Fumarate and succinate stabilize HIFαs and alter TET and HIF target gene expression. A and B, HIF-1α (A) and HIF-2α (B) protein levels determined by immunoblotting in SK-N-BE(2) cells exposed to hypoxia (1% O₂) or incubated with increasing concentrations of DEF or 5 mm DMS for 48 h. β-Actin was used as a loading control. C, IDH1 protein levels were determined by immunoblotting in SK-N-BE(2) cells incubated with increasing concentrations of DEF or DMS for 48 h. β-Actin was used as a loading control. D–F, qPCR analysis of TET1–3 mRNA expression levels in cells treated with increasing concentrations of DEF (D), DMS (E), or exposed to hypoxia (1% O₂) (F) for 48 h (n ≥ 3). G-I, qPCR analysis of selected HIF target genes in cells exposed to hypoxia (1% O₂) (G) or treated with increasing concentrations of DEF (H) or DMS (I) for 48 h (n ≥ 3). All graphs represent mean ± S.E. *, p < 0.05; **, p < 0.01; ***, p < 0.005.

FIGURE 5.

TETs regulate HIF target gene expression. A and B, qPCR analysis of TET1 (A) and TET3 (B) mRNA expression levels in SK-N-BE(2) cells following siRNA knockdown of TET1 (A) or TET3 (B) (n = 3). C and D, HLPC-MS/MS quantitation of global 5-hmC (C) and 5-mC (D) levels in SK-N-BE(2) cells following siRNA knockdown of TET1 or 3 and DEF or DMS treatment (n = 3). E and F, qPCR analysis of VEGFA and HK2 mRNAs following knockdown of TET1 or TET3 and DEF or DMS treatment (n = 3). G, qPCR analysis of BNIP3, PGK1, and ENO1 mRNA expression in SK-N-BE(2) cells following siRNA knockdown of TET1 or TET3 (n = 3). All graphs represent mean ± S.E. *, p < 0.05; **, p < 0.01; ***, p < 0.005.

FIGURE 6.

Fumarate and succinate regulate HIF target gene expression via TETs. FH and SDH mutations with impaired enzyme activity are found in various cancers, where they cause the accumulation of fumarate or succinate, respectively.
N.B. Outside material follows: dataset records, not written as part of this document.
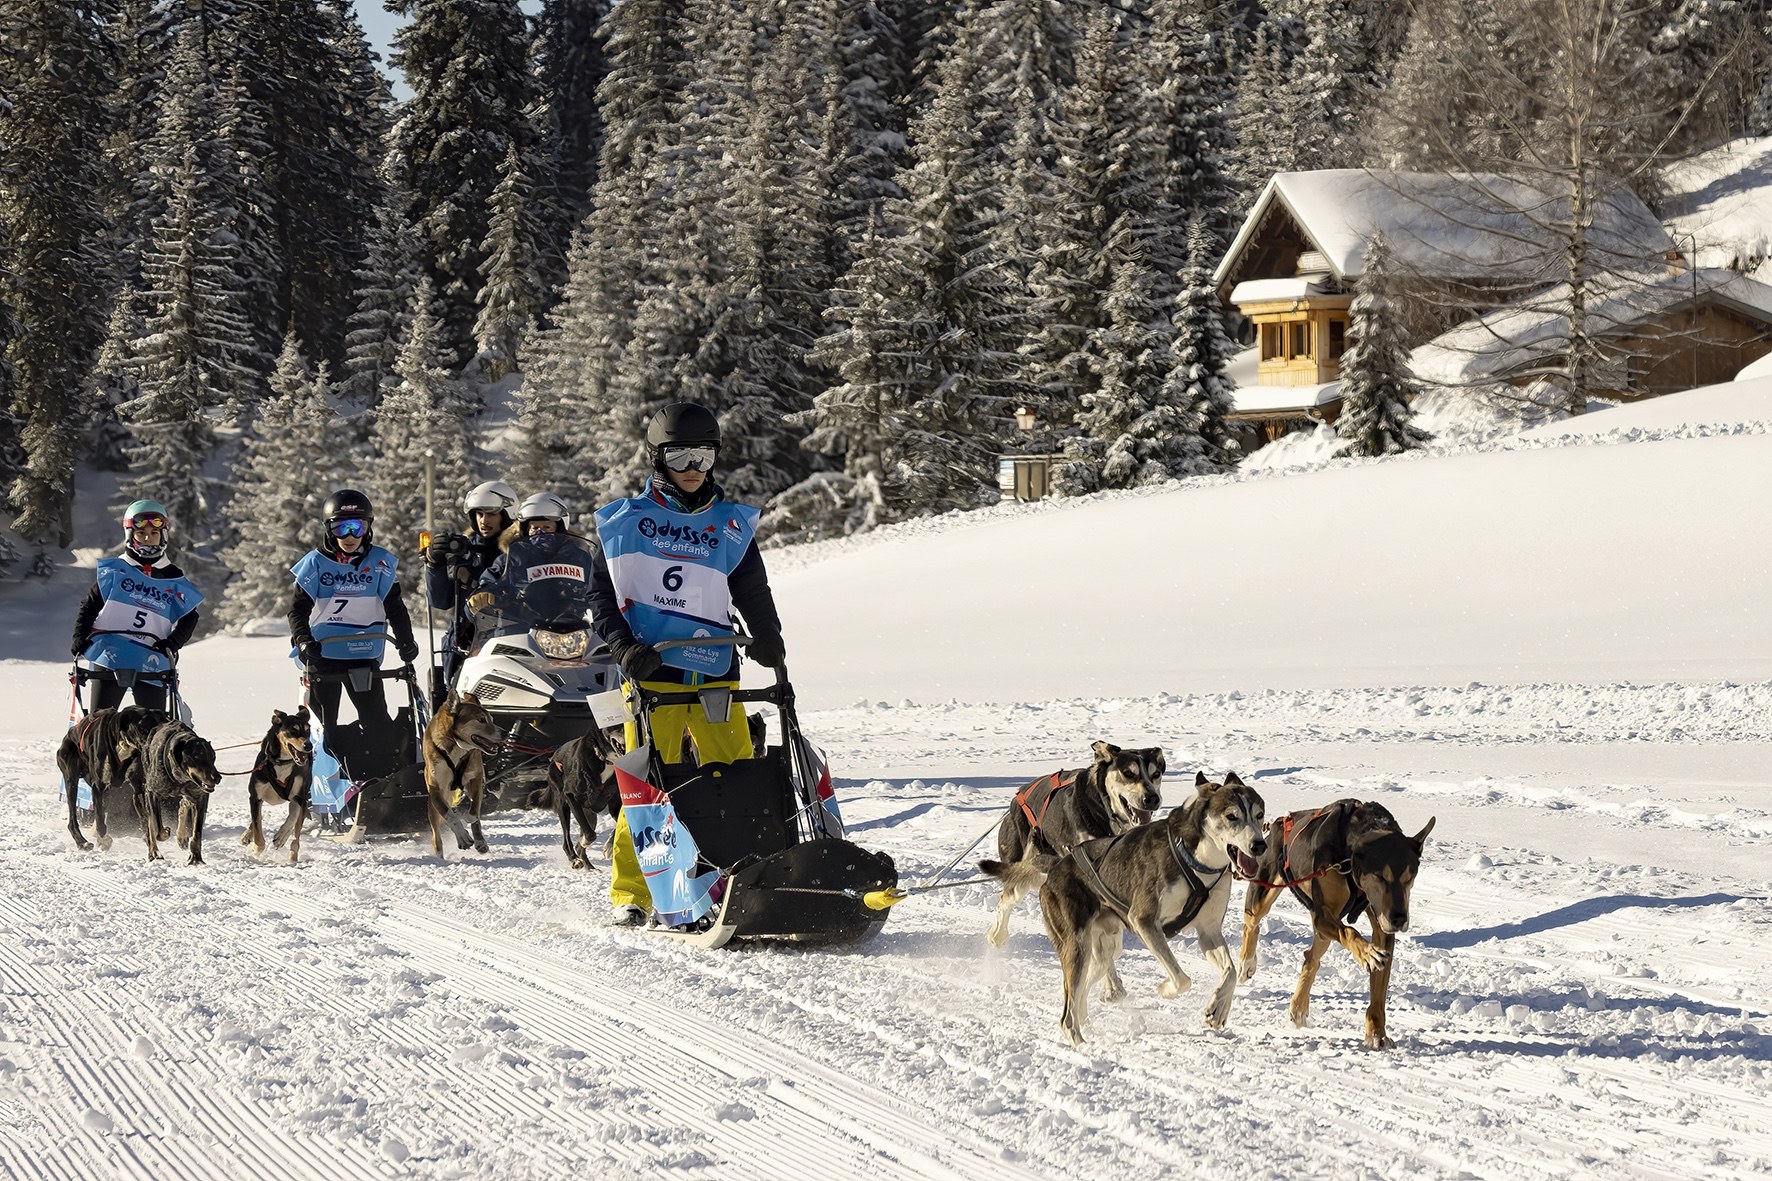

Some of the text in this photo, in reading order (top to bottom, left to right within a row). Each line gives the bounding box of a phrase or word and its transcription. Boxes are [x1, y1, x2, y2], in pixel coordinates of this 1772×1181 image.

[652, 537, 710, 557] des enfants
[542, 565, 582, 578] YAMAHA
[662, 565, 683, 592] 6
[332, 599, 349, 615] 7
[653, 593, 687, 609] MAXIME
[133, 610, 148, 629] 5
[682, 650, 717, 664] Sommand
[707, 648, 720, 658] Lys
[623, 792, 642, 800] BLANC
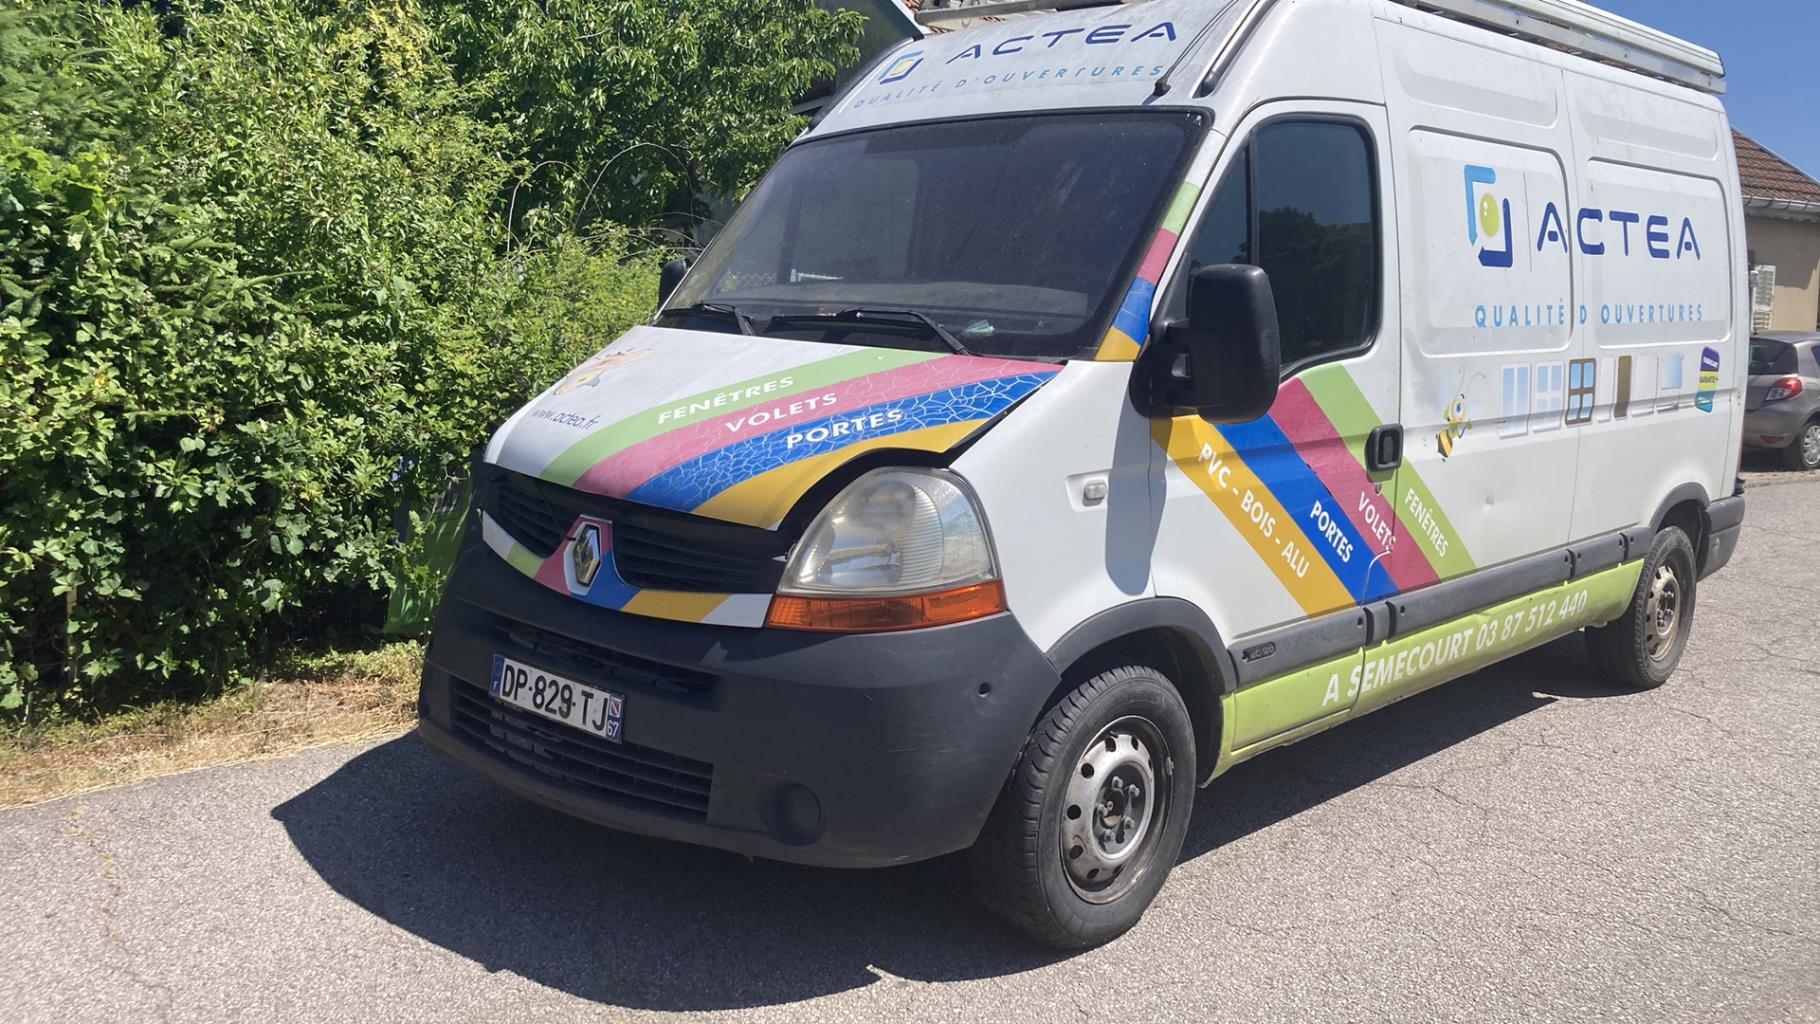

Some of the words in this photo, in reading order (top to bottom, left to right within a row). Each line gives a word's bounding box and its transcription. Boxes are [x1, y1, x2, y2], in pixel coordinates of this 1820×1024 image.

[946, 21, 1178, 65] ACTEA
[854, 80, 943, 109] QUALITÉ
[955, 65, 1164, 88] D'OUVERTURES
[1537, 201, 1701, 260] ACTEA
[1475, 297, 1565, 328] QUALITÉ
[658, 376, 795, 425] FENÊTRES
[725, 392, 838, 433] VOLETS
[786, 408, 903, 450] PORTES
[1198, 442, 1231, 489] PVC
[1240, 489, 1276, 538] BOIS
[1281, 541, 1310, 578] ALU
[1309, 500, 1354, 563] PORTES
[1358, 491, 1397, 551] VOLETS
[1404, 487, 1449, 558] FENÊTRES
[1321, 673, 1340, 707] A
[1346, 627, 1474, 697] SEMECOURT
[1475, 620, 1499, 650] 03
[1501, 610, 1524, 640] 87
[1525, 600, 1556, 632] 512
[1559, 589, 1588, 619] 440
[502, 664, 610, 732] DP-829-TJ
[607, 719, 619, 737] 67
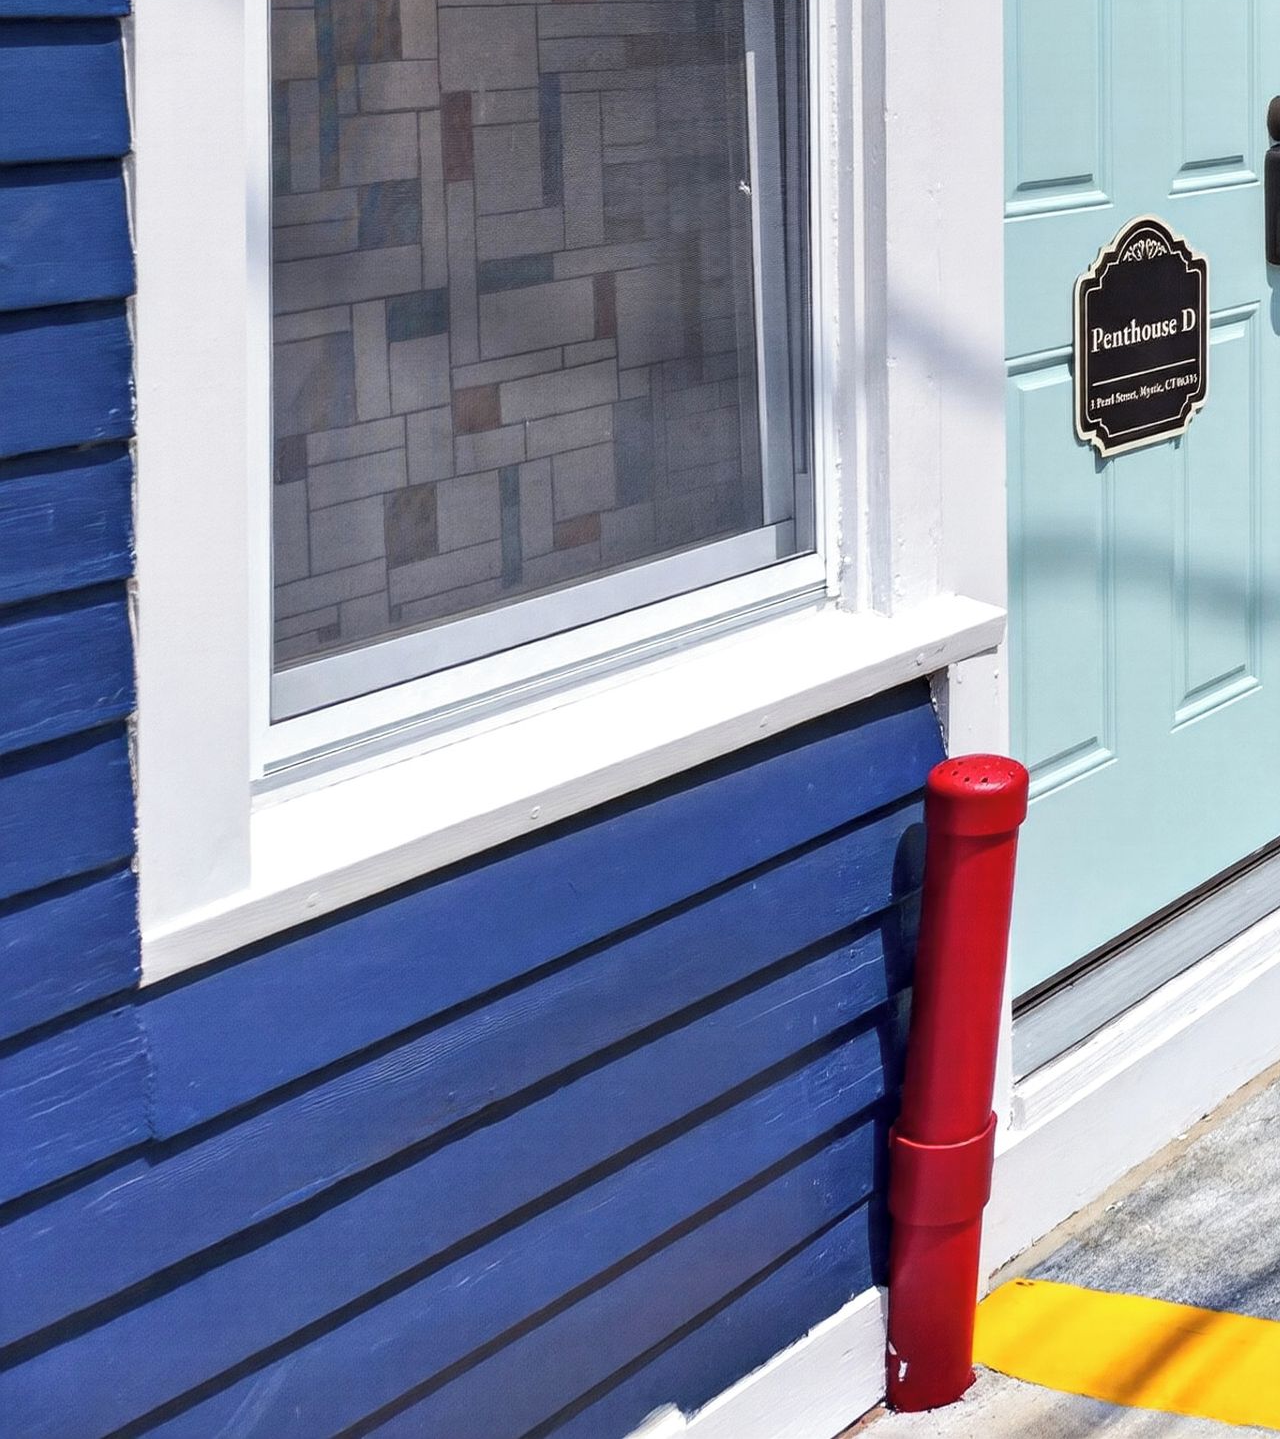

Fumarate inhibits the TETs and HIF-P4Hs, leading to a reduction in global 5-hmC levels and HIF-1α/HIF-2α stabilization, respectively. Expression of the glycolysis-associated HIF1 target genes PGK1, HK2, and ENO1 was reduced in cells treated with fumarate, suggesting that the TETs and 5-hmC have a crucial role in the regulation of these genes. The expression of VEGFA and BNIP3 mRNAs was nevertheless, increased in cells treated with fumarate, suggesting that these genes are more driven by HIF-1α/HIF-2α stabilization than by the reduction in 5-hmC levels. *, cells treated with succinate showed reductions in VEGFA, PGK1, and HK2 mRNA expression, suggesting that the TETs and 5-hmC can regulate their expression when HIF-1α is not stabilized. HIF target genes are thus regulated in a multilayered manner in which 5-hmC acts as an additional layer of regulation. Not all HIF target genes are regulated equally by 5-hmC, suggesting that there could be promoter-specific gains and reductions in 5-hmC via TETs.